Even if genetic results do not suggest a treatment, they are still meaningful to families. Irnthu Premadeva et al ( see page 338 ) explores key factors that should be considered during withdrawal of neonatal intensive care. The authors explore the practicalities and psychology involved. They highlight the important role of clinical genetics in difficult decision-making and in providing answers to grieving families. Genetic information accrued can also inform management of future pregnancies. Prompt access to diagnostic tests like whole genome and exome sequencing has made identification of inherited monogenic disorder possible in these difficult situations. However, although genetic variations are now more readily identifiable, these tests may still not be able to provide answers. Lisa J Bryson and Shelagh Joss ( see page 383 ) provides an insight on how to use genetic testing after sudden infant death syndrome. The authors emphasise discussing testing with a clinical geneticist when the family history and case pathology suggest a possibility of genetic causation. Strict classification of pathogenicity and the need for further research into functional analysis of relevant genetic variants is also highlighted.

The above articles all focus on a personalised approach to patient care. The diametrically opposed model of standardising care delivery also has merit, as in the excellent example given in article by Nicholas Embleton. He provides a simple, practical ABCDE approach to nutritional assessment in preterm infants ( see page 314 ). This is a worthwhile read, as the author explores key concepts and principles which guide nutrition in preterm infants. The epigenetic effects of dietary components on cognition and metabolic outcome are well-known. A consistent, cohesive approach to nutritional assessment can positively influence these outcomes. The guidance provided is easily adaptable to be applicable at the bedside. It also allows input from all healthcare professionals and families looking after vulnerable infants.

This month’s edition revisits Adrian Plunkett’s work on positive approach of learning from excellence. The article ‘Embracing excellence in healthcare: the role of positive feedback’ ( see page 351 ) highlights the importance of widening learning potential across the whole landscape of work, from successes to failures. The idea that we can learn from everyday success is a feature of Safety-II,1 where safety is considered a situation in which as many things as possible go right, rather than a situation in which as few things as possible go wrong. The author discusses practical steps to embrace excellence and positive feedback, including using an appreciative inquiry approach to consolidate learning and generate improvement ideas.

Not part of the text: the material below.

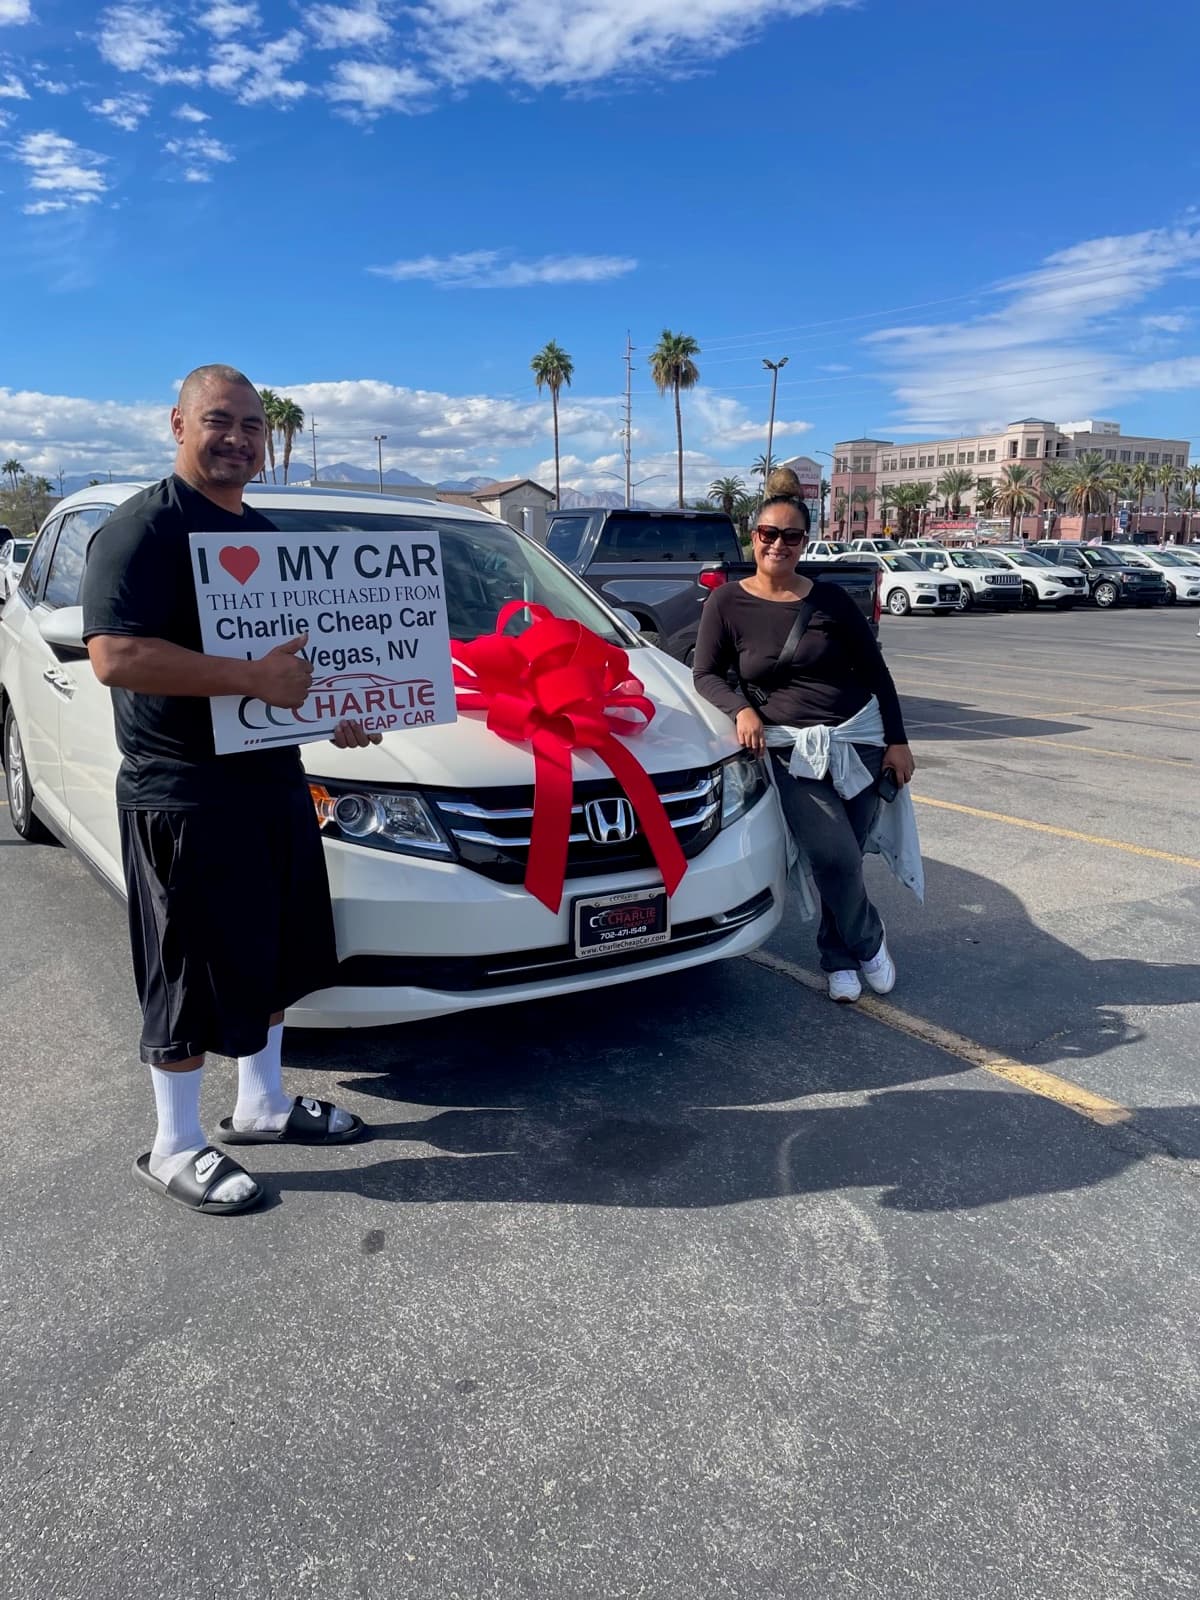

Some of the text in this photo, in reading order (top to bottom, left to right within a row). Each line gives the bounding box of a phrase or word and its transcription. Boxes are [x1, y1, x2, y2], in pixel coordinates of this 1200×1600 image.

Positive feedback for excellence, can offset the negativity associated with blame which tends to hinder our ability to learn from failures. This nurturing of positive culture within team and individual can lead to improvement in self efficacy and resilience. A cultural change in workplace to complementary approach is even more important concept today’s environment where for a number of complex reasons, morale in the medical profession is low and stress is high.

One of the key aspects for a paper to appear in a print is peer-review process. Our reviewers provide their expertise and time generously. They are the unsung heroes of the journal. I would especially like to express my gratitude for their contributions in this issue.

Hope you will enjoy reading this month’s papers and continue contributing enthusiastically.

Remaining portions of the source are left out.